---- Extracted records

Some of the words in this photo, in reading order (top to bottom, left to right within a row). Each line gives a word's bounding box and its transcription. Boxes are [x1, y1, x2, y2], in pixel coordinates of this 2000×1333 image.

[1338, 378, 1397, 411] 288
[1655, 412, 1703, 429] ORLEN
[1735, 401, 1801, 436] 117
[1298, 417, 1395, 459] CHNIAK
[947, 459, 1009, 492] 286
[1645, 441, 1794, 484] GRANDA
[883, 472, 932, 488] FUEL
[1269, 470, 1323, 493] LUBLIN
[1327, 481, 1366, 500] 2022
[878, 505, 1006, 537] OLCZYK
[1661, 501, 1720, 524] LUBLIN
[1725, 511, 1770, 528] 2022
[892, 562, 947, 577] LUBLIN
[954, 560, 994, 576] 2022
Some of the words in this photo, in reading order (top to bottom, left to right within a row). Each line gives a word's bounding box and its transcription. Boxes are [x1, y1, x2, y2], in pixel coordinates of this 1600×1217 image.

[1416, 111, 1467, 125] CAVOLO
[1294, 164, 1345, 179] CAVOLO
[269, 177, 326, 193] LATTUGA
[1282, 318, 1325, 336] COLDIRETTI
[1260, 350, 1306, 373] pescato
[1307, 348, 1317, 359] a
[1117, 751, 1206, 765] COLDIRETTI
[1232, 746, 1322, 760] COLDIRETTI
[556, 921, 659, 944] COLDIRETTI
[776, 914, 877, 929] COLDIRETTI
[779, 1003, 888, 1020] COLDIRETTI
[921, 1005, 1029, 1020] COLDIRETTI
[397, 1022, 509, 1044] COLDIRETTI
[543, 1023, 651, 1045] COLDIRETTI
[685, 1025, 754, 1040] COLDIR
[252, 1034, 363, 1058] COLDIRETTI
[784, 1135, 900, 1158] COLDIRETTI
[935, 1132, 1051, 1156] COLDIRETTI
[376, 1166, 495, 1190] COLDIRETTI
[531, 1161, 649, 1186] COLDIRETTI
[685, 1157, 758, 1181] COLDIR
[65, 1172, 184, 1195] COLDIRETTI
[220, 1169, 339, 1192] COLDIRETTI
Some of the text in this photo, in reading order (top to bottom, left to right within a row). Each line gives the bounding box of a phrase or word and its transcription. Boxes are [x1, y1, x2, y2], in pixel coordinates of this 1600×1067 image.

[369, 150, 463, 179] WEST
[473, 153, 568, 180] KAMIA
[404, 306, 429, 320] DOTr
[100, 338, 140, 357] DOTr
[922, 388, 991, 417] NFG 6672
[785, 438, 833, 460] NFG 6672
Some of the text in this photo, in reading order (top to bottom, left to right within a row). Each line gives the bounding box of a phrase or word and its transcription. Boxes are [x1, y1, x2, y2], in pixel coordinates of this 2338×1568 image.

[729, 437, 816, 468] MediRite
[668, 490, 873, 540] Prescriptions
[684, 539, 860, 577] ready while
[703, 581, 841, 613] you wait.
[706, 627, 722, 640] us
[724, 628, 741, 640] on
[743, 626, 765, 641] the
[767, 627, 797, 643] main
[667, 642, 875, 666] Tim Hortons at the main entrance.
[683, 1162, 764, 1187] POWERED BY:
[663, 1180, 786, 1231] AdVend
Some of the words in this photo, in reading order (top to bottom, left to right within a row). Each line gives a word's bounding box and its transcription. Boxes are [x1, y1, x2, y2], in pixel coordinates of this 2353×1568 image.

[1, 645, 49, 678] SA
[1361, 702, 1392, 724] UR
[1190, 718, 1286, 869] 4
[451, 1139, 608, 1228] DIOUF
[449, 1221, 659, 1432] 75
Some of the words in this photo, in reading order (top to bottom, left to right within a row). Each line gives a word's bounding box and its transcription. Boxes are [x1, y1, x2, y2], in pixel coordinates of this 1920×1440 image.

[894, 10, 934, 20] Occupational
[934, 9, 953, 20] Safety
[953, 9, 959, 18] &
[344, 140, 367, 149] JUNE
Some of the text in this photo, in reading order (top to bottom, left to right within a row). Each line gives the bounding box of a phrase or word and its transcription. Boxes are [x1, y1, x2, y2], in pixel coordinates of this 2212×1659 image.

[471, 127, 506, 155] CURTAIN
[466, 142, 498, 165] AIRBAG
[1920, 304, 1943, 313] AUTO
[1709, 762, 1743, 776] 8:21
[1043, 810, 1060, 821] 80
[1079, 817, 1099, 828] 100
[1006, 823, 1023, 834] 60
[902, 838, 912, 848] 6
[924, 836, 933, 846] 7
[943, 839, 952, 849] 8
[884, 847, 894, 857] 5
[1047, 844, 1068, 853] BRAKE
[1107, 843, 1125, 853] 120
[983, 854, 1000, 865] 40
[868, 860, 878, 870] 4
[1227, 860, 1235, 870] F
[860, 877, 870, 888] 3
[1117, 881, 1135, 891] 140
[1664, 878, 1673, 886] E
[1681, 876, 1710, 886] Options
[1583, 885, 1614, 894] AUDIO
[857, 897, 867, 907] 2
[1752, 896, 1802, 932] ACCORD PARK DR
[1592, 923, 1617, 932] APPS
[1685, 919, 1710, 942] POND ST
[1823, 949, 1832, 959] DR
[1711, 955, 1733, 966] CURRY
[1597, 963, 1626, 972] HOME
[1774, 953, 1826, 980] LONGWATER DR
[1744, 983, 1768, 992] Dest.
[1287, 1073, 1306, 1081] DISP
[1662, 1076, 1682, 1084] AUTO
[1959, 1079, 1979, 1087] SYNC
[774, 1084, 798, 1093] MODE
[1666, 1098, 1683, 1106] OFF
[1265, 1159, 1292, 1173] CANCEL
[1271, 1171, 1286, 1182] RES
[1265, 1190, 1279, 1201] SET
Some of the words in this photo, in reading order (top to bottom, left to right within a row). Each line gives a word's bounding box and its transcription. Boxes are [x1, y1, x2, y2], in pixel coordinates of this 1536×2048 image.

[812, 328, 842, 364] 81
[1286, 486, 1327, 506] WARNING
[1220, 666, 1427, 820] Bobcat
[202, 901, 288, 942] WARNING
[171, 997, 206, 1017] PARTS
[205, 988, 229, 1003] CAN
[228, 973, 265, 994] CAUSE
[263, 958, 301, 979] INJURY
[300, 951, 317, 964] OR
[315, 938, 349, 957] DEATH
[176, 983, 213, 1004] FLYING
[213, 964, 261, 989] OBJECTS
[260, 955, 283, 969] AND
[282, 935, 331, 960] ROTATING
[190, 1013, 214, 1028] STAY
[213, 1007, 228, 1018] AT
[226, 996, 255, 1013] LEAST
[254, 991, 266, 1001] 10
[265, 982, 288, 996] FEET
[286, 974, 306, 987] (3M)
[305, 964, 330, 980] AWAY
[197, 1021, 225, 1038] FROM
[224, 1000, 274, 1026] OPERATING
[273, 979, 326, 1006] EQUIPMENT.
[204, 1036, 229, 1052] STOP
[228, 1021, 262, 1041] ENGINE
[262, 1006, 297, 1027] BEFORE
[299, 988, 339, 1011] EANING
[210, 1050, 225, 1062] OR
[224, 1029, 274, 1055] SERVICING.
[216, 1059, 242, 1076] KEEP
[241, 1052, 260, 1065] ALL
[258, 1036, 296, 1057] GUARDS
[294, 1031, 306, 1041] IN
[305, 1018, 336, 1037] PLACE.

--------

Print out the whole of the material exactly, line for line.

Some of the words in this photo, in reading order (top to bottom, left to right within a row). Each line gives a word's bounding box and its transcription. Boxes are [x1, y1, x2, y2], in pixel coordinates of this 2000×1333 image.

[1338, 378, 1397, 411] 288
[1655, 412, 1703, 429] ORLEN
[1735, 401, 1801, 436] 117
[1298, 417, 1395, 459] CHNIAK
[947, 459, 1009, 492] 286
[1645, 441, 1794, 484] GRANDA
[883, 472, 932, 488] FUEL
[1269, 470, 1323, 493] LUBLIN
[1327, 481, 1366, 500] 2022
[878, 505, 1006, 537] OLCZYK
[1661, 501, 1720, 524] LUBLIN
[1725, 511, 1770, 528] 2022
[892, 562, 947, 577] LUBLIN
[954, 560, 994, 576] 2022
Some of the words in this photo, in reading order (top to bottom, left to right within a row). Each line gives a word's bounding box and its transcription. Boxes are [x1, y1, x2, y2], in pixel coordinates of this 1600×1217 image.

[1416, 111, 1467, 125] CAVOLO
[1294, 164, 1345, 179] CAVOLO
[269, 177, 326, 193] LATTUGA
[1282, 318, 1325, 336] COLDIRETTI
[1260, 350, 1306, 373] pescato
[1307, 348, 1317, 359] a
[1117, 751, 1206, 765] COLDIRETTI
[1232, 746, 1322, 760] COLDIRETTI
[556, 921, 659, 944] COLDIRETTI
[776, 914, 877, 929] COLDIRETTI
[779, 1003, 888, 1020] COLDIRETTI
[921, 1005, 1029, 1020] COLDIRETTI
[397, 1022, 509, 1044] COLDIRETTI
[543, 1023, 651, 1045] COLDIRETTI
[685, 1025, 754, 1040] COLDIR
[252, 1034, 363, 1058] COLDIRETTI
[784, 1135, 900, 1158] COLDIRETTI
[935, 1132, 1051, 1156] COLDIRETTI
[376, 1166, 495, 1190] COLDIRETTI
[531, 1161, 649, 1186] COLDIRETTI
[685, 1157, 758, 1181] COLDIR
[65, 1172, 184, 1195] COLDIRETTI
[220, 1169, 339, 1192] COLDIRETTI
Some of the text in this photo, in reading order (top to bottom, left to right within a row). Each line gives the bounding box of a phrase or word and its transcription. Boxes are [x1, y1, x2, y2], in pixel coordinates of this 1600×1067 image.

[369, 150, 463, 179] WEST
[473, 153, 568, 180] KAMIA
[404, 306, 429, 320] DOTr
[100, 338, 140, 357] DOTr
[922, 388, 991, 417] NFG 6672
[785, 438, 833, 460] NFG 6672
Some of the text in this photo, in reading order (top to bottom, left to right within a row). Each line gives the bounding box of a phrase or word and its transcription. Boxes are [x1, y1, x2, y2], in pixel coordinates of this 2338×1568 image.

[729, 437, 816, 468] MediRite
[668, 490, 873, 540] Prescriptions
[684, 539, 860, 577] ready while
[703, 581, 841, 613] you wait.
[706, 627, 722, 640] us
[724, 628, 741, 640] on
[743, 626, 765, 641] the
[767, 627, 797, 643] main
[667, 642, 875, 666] Tim Hortons at the main entrance.
[683, 1162, 764, 1187] POWERED BY:
[663, 1180, 786, 1231] AdVend
Some of the words in this photo, in reading order (top to bottom, left to right within a row). Each line gives a word's bounding box and its transcription. Boxes are [x1, y1, x2, y2], in pixel coordinates of this 2353×1568 image.

[1, 645, 49, 678] SA
[1361, 702, 1392, 724] UR
[1190, 718, 1286, 869] 4
[451, 1139, 608, 1228] DIOUF
[449, 1221, 659, 1432] 75
Some of the words in this photo, in reading order (top to bottom, left to right within a row). Each line gives a word's bounding box and its transcription. Boxes are [x1, y1, x2, y2], in pixel coordinates of this 1920×1440 image.

[894, 10, 934, 20] Occupational
[934, 9, 953, 20] Safety
[953, 9, 959, 18] &
[344, 140, 367, 149] JUNE
Some of the text in this photo, in reading order (top to bottom, left to right within a row). Each line gives the bounding box of a phrase or word and its transcription. Boxes are [x1, y1, x2, y2], in pixel coordinates of this 2212×1659 image.

[471, 127, 506, 155] CURTAIN
[466, 142, 498, 165] AIRBAG
[1920, 304, 1943, 313] AUTO
[1709, 762, 1743, 776] 8:21
[1043, 810, 1060, 821] 80
[1079, 817, 1099, 828] 100
[1006, 823, 1023, 834] 60
[902, 838, 912, 848] 6
[924, 836, 933, 846] 7
[943, 839, 952, 849] 8
[884, 847, 894, 857] 5
[1047, 844, 1068, 853] BRAKE
[1107, 843, 1125, 853] 120
[983, 854, 1000, 865] 40
[868, 860, 878, 870] 4
[1227, 860, 1235, 870] F
[860, 877, 870, 888] 3
[1117, 881, 1135, 891] 140
[1664, 878, 1673, 886] E
[1681, 876, 1710, 886] Options
[1583, 885, 1614, 894] AUDIO
[857, 897, 867, 907] 2
[1752, 896, 1802, 932] ACCORD PARK DR
[1592, 923, 1617, 932] APPS
[1685, 919, 1710, 942] POND ST
[1823, 949, 1832, 959] DR
[1711, 955, 1733, 966] CURRY
[1597, 963, 1626, 972] HOME
[1774, 953, 1826, 980] LONGWATER DR
[1744, 983, 1768, 992] Dest.
[1287, 1073, 1306, 1081] DISP
[1662, 1076, 1682, 1084] AUTO
[1959, 1079, 1979, 1087] SYNC
[774, 1084, 798, 1093] MODE
[1666, 1098, 1683, 1106] OFF
[1265, 1159, 1292, 1173] CANCEL
[1271, 1171, 1286, 1182] RES
[1265, 1190, 1279, 1201] SET
Some of the words in this photo, in reading order (top to bottom, left to right within a row). Each line gives a word's bounding box and its transcription. Boxes are [x1, y1, x2, y2], in pixel coordinates of this 1536×2048 image.

[812, 328, 842, 364] 81
[1286, 486, 1327, 506] WARNING
[1220, 666, 1427, 820] Bobcat
[202, 901, 288, 942] WARNING
[171, 997, 206, 1017] PARTS
[205, 988, 229, 1003] CAN
[228, 973, 265, 994] CAUSE
[263, 958, 301, 979] INJURY
[300, 951, 317, 964] OR
[315, 938, 349, 957] DEATH
[176, 983, 213, 1004] FLYING
[213, 964, 261, 989] OBJECTS
[260, 955, 283, 969] AND
[282, 935, 331, 960] ROTATING
[190, 1013, 214, 1028] STAY
[213, 1007, 228, 1018] AT
[226, 996, 255, 1013] LEAST
[254, 991, 266, 1001] 10
[265, 982, 288, 996] FEET
[286, 974, 306, 987] (3M)
[305, 964, 330, 980] AWAY
[197, 1021, 225, 1038] FROM
[224, 1000, 274, 1026] OPERATING
[273, 979, 326, 1006] EQUIPMENT.
[204, 1036, 229, 1052] STOP
[228, 1021, 262, 1041] ENGINE
[262, 1006, 297, 1027] BEFORE
[299, 988, 339, 1011] EANING
[210, 1050, 225, 1062] OR
[224, 1029, 274, 1055] SERVICING.
[216, 1059, 242, 1076] KEEP
[241, 1052, 260, 1065] ALL
[258, 1036, 296, 1057] GUARDS
[294, 1031, 306, 1041] IN
[305, 1018, 336, 1037] PLACE.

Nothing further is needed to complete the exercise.